I heard you had a little fall yesterday. I’m not a man who cares about much, Lydia, but when I found out you were in the emergency room all alone, it made this damn cell feel even smaller than it already is. I can be patient, at least I thought I could be, but my need to take care of you is overwhelming at times. I’m sorry I wasn’t there with you, that I couldn’t drive you to the hospital and wait with you. I’m sorry I couldn’t be there to take care of you. You would not have had to wait three hours if I’d been there with you.

I hope this stuff helps in some small way. Be sure to wear the sling, zaika. Baby the arm, don’t use it, and be sure to ice it regularly and then later you can move on to the heating pad. Be careful with the painkillers. Don’t take them if you’re going to be driving. You’ll find enough money in this envelope so that you can take the week off. I’m sure Chris will understand. I know what you’re thinking, zaika, but don’t worry. I won’t be taking any of Chris’s fingers. He’s a smart man and decided to take the hint. I’m not cruel, Lydia, but I guess you’ll learn that in time.

I’ve been told you can eat your bodyweight in licorice, so I hope this is enough.

I’m always thinking about you,

Kirill

P.S. I know it’s the left wrist you sprained. Write me a damn letter.
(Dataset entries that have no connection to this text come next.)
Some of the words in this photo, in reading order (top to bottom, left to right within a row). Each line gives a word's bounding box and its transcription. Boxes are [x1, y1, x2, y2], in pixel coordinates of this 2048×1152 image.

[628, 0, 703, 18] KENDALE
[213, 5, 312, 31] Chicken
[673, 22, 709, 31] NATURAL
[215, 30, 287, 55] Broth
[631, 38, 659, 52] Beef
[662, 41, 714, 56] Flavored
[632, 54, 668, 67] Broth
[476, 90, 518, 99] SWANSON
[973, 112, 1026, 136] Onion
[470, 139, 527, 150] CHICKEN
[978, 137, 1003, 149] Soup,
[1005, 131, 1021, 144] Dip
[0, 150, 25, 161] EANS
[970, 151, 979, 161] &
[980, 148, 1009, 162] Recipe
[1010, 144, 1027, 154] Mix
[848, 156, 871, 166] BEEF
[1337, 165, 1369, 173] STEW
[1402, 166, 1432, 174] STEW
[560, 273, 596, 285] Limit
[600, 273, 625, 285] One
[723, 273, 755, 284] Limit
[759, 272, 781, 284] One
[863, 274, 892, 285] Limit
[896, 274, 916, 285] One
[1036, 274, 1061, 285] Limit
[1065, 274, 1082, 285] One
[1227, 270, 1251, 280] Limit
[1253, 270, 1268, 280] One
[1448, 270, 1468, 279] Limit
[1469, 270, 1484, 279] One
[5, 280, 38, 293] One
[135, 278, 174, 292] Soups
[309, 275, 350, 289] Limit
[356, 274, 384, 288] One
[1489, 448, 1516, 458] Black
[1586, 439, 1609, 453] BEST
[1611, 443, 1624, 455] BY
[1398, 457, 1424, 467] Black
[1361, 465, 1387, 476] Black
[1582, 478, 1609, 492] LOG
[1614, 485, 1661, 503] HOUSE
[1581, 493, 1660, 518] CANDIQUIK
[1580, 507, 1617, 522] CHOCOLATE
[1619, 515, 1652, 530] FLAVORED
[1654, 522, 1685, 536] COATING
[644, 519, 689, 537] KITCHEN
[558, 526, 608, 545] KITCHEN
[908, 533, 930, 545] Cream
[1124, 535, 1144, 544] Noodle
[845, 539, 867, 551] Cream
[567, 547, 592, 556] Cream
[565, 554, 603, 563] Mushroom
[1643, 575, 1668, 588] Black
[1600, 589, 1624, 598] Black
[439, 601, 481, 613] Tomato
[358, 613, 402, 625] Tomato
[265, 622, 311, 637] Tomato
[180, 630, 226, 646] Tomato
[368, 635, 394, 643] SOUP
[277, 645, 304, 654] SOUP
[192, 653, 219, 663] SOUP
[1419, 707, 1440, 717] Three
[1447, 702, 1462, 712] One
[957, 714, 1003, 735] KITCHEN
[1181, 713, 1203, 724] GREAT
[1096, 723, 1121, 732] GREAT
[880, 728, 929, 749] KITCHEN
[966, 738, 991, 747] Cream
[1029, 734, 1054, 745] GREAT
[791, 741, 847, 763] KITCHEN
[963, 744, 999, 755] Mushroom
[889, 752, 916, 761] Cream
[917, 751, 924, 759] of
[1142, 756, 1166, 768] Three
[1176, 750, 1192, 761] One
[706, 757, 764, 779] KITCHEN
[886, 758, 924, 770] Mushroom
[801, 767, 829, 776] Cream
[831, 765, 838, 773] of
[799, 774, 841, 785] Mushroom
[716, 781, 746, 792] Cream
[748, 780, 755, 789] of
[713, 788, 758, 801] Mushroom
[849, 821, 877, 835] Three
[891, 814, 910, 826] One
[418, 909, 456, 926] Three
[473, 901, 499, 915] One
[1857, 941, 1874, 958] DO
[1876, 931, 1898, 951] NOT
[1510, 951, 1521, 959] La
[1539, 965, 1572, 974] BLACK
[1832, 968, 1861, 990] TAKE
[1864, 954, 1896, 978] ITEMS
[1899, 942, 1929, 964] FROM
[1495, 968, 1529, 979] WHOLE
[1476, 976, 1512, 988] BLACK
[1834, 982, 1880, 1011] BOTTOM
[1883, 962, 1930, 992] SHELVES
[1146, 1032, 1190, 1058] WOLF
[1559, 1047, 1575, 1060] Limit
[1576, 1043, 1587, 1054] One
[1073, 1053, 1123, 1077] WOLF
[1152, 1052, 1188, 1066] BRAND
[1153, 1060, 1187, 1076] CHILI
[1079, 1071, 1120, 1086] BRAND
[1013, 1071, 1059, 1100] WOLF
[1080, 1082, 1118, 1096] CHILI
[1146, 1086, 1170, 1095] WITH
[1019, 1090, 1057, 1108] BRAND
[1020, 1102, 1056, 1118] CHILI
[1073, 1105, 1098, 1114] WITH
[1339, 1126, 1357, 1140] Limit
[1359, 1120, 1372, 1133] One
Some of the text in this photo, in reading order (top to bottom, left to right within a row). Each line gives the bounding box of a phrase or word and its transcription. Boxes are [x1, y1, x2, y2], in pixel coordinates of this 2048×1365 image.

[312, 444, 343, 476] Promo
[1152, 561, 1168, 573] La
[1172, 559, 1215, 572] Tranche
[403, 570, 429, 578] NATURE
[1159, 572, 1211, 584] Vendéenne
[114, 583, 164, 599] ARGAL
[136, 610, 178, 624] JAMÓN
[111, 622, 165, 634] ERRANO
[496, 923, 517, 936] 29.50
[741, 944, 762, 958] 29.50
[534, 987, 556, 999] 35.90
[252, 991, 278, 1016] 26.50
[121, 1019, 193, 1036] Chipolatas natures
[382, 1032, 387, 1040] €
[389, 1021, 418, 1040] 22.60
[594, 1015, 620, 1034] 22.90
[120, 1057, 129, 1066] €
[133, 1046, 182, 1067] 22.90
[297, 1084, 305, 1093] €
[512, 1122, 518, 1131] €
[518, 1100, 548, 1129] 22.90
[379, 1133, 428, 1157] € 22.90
P.P.S. I hope Peanut likes his treats.

I smile at the note, rereading it again, and I don’t care that I should hate him. The basket and note are sweet. Horrible people don’t do this. They don’t buy you comfy pajamas and your favorite snacks and write sweet letters. I open the first bag of licorice and start eating while I count out the money, which is way more than I make in a week. I send Chris a text, telling him I’m super sorry but that I’m going to be on painkillers and really need a week to rest. I also tell him I’ll work extra shifts next week if he needs me to. He responds for me to not worry and to rest up, so that’s exactly what I decide I’m going to do. I’m taking the week off, and I’m going to relax with Peanut and focus on resting my arm.

I also make the decision to quit fighting this whole pen pal thing. If Kirill wants a letter, he’s damn well going to get one. It’s not like I have a crowd of family and friends to spill all my thoughts to. I write him a ten-page letter, telling him all about me. I tell him about my mom and how she taught me to love gardening, about the strained relationship I had with my dad, and about Peanut and how I found him. I even tell him about my nightmares and how his face is always in them. I expose myself to him in a way that I’ve never done before, and it feels oddly therapeutic. Exhausted, I put the letter in an envelope and set it under the rock by my front door.

And that’s really how it begins. For the next year, we send each other letters. Sometimes I wake up and find my house filled with hyacinths, the flower I told him was my favorite. Other times I’ll come home from work and see that a repair’s been done to the house. What was once unsettling has slowly morphed into comforting. As fucked up as it is, it’s nice to know someone is looking out for me.

I’m still not entirely sure what I think about Kirill, but after hundreds of letters, I feel like I know him better than I’ve ever known another living soul. He still sends an ache straight between my legs when he tells me all the things he wants to do to me, but I know he’s never getting out of prison, and a part of me is sad about that. I try not to beat myself up too much about my thoughts towards him. He still hints at his innocence, and I feel myself starting to believe him.